►

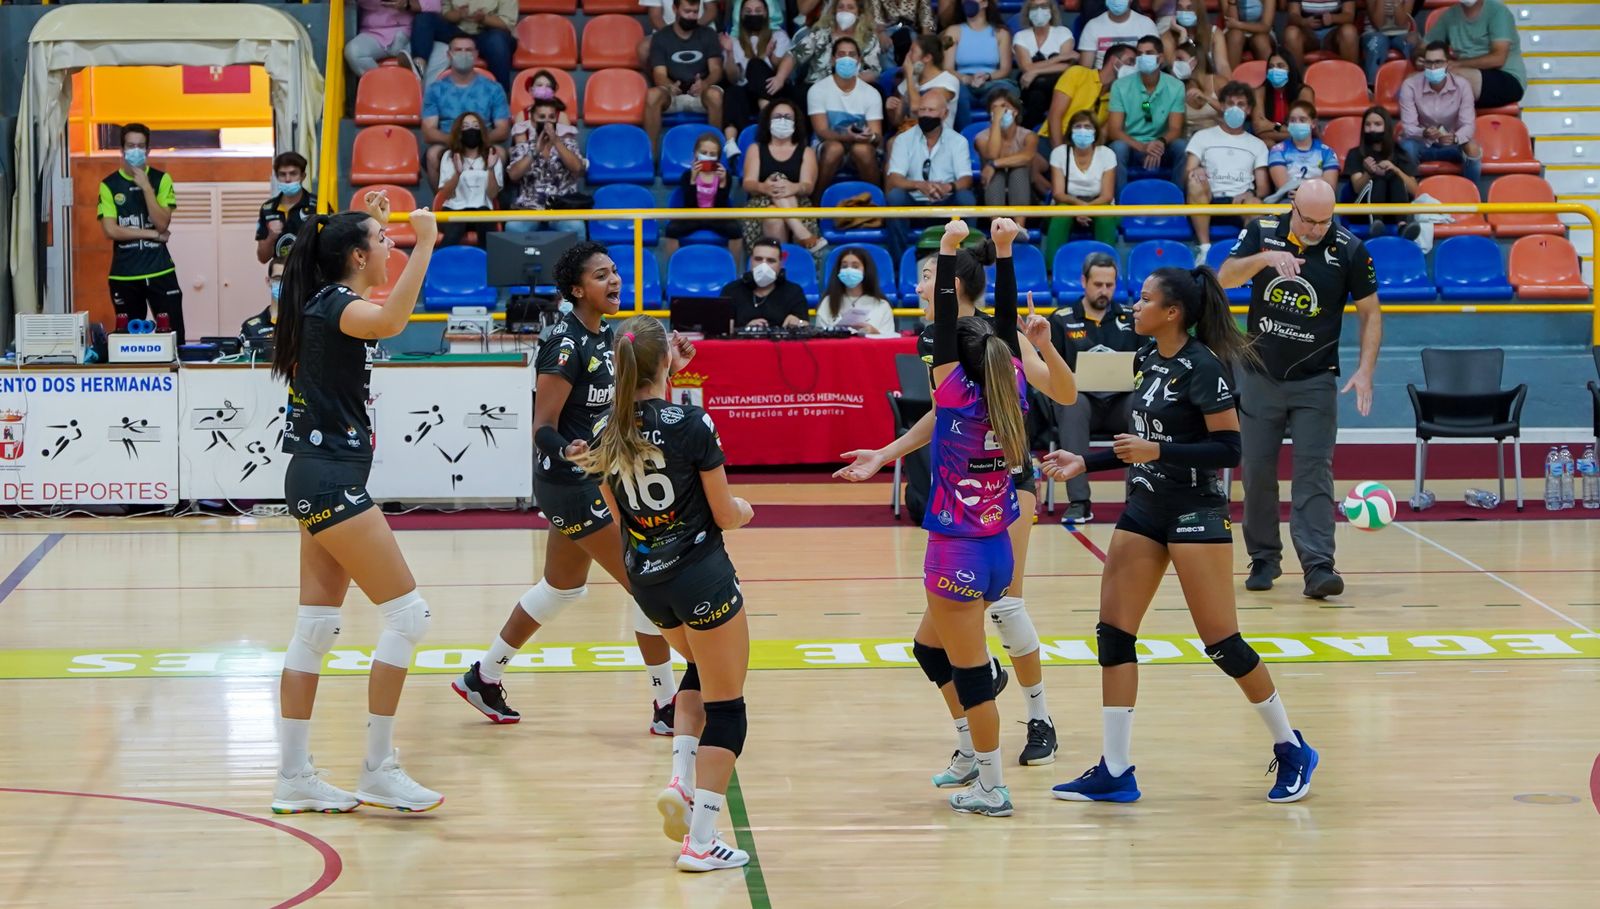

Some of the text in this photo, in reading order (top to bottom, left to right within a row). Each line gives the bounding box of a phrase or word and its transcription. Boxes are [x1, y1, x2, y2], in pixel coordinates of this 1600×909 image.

[1271, 288, 1311, 309] SHC
[1273, 323, 1315, 340] Valiente
[120, 345, 161, 353] MONDO
[42, 377, 75, 393] DOS
[81, 376, 173, 393] HERMANAS
[1142, 377, 1162, 407] 4
[708, 392, 864, 406] AYUNTAMIENTO DE DOS HERMANAS
[728, 407, 845, 419] Delegación de Deportes
[4, 482, 168, 500] DE DEPORTES
[937, 576, 983, 598] Divisa
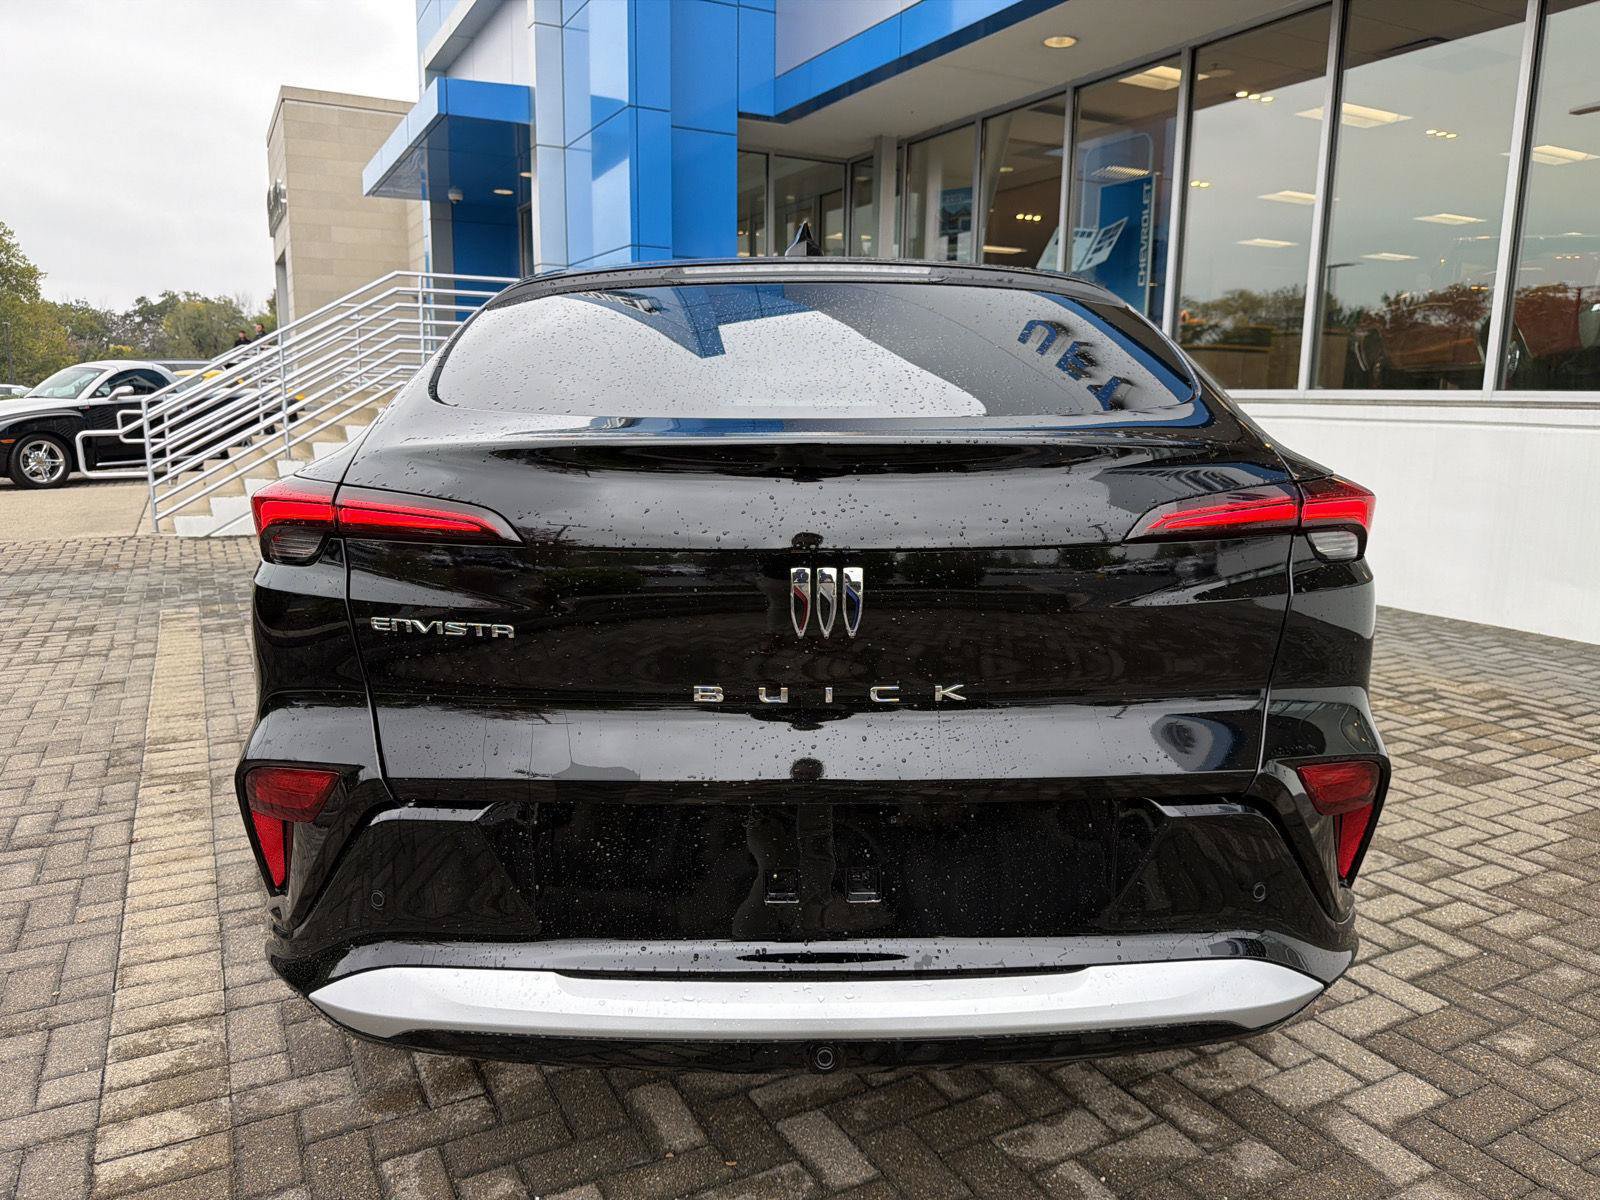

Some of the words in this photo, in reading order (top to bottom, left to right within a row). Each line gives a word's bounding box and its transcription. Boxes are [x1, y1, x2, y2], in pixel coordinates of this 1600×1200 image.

[1137, 183, 1152, 287] CHEVROLET
[370, 616, 515, 639] ENVISTA
[693, 684, 967, 703] BUICK
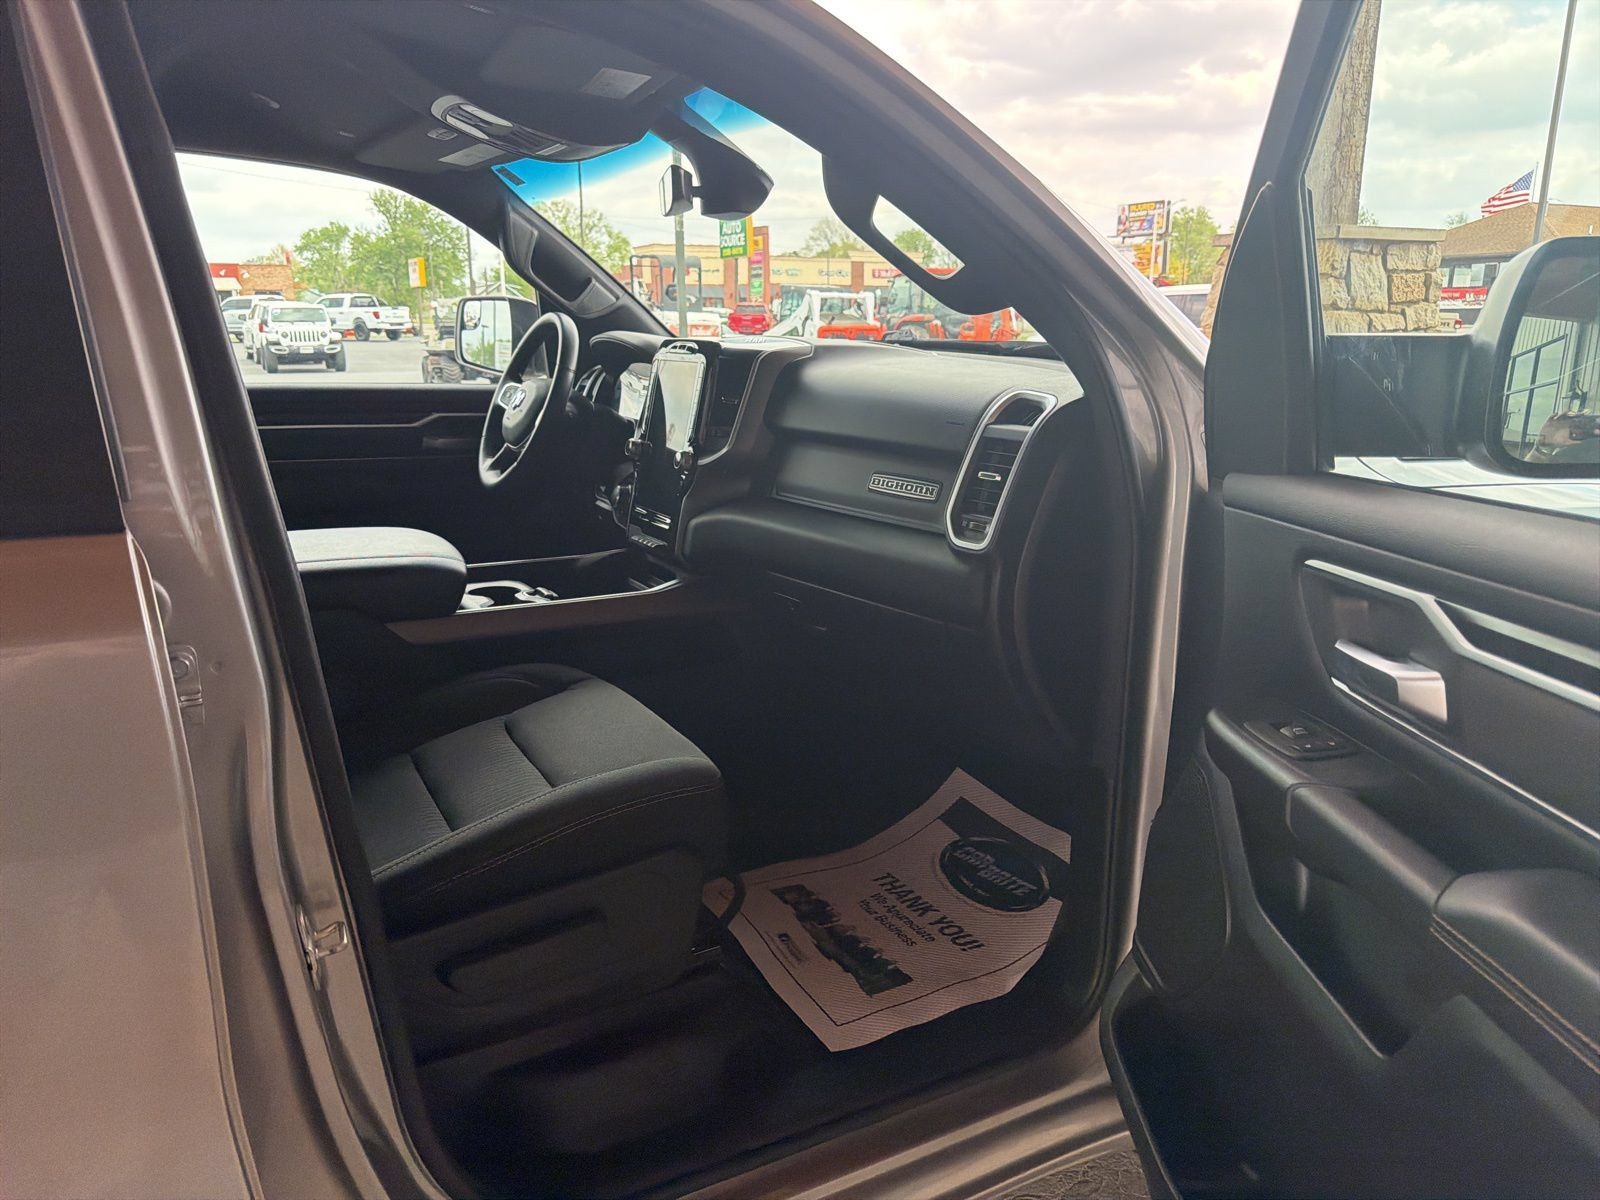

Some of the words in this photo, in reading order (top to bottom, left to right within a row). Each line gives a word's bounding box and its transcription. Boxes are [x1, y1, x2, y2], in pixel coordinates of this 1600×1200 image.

◄

The task ▸ Repeat the listing above exactly, omitting the pictures it contains.

Result ▸
Some of the text in this photo, in reading order (top to bottom, left to right within a row). Each line gives the bounding box of a phrase or word and its transcription. Boxes are [x1, y1, x2, y2], in pixel coordinates of this 1600×909 image.

[1271, 288, 1311, 309] SHC
[1273, 323, 1315, 340] Valiente
[120, 345, 161, 353] MONDO
[42, 377, 75, 393] DOS
[81, 376, 173, 393] HERMANAS
[1142, 377, 1162, 407] 4
[708, 392, 864, 406] AYUNTAMIENTO DE DOS HERMANAS
[728, 407, 845, 419] Delegación de Deportes
[4, 482, 168, 500] DE DEPORTES
[937, 576, 983, 598] Divisa

Some of the words in this photo, in reading order (top to bottom, left to right within a row). Each line gives a word's bounding box and its transcription. Boxes are [x1, y1, x2, y2], in pixel coordinates of this 1600×1200 image.

[1137, 183, 1152, 287] CHEVROLET
[370, 616, 515, 639] ENVISTA
[693, 684, 967, 703] BUICK

Some of the words in this photo, in reading order (top to bottom, left to right within a row). Each line gives a word's bounding box and its transcription. Boxes are [x1, y1, x2, y2], in pixel coordinates of this 1600×1200 image.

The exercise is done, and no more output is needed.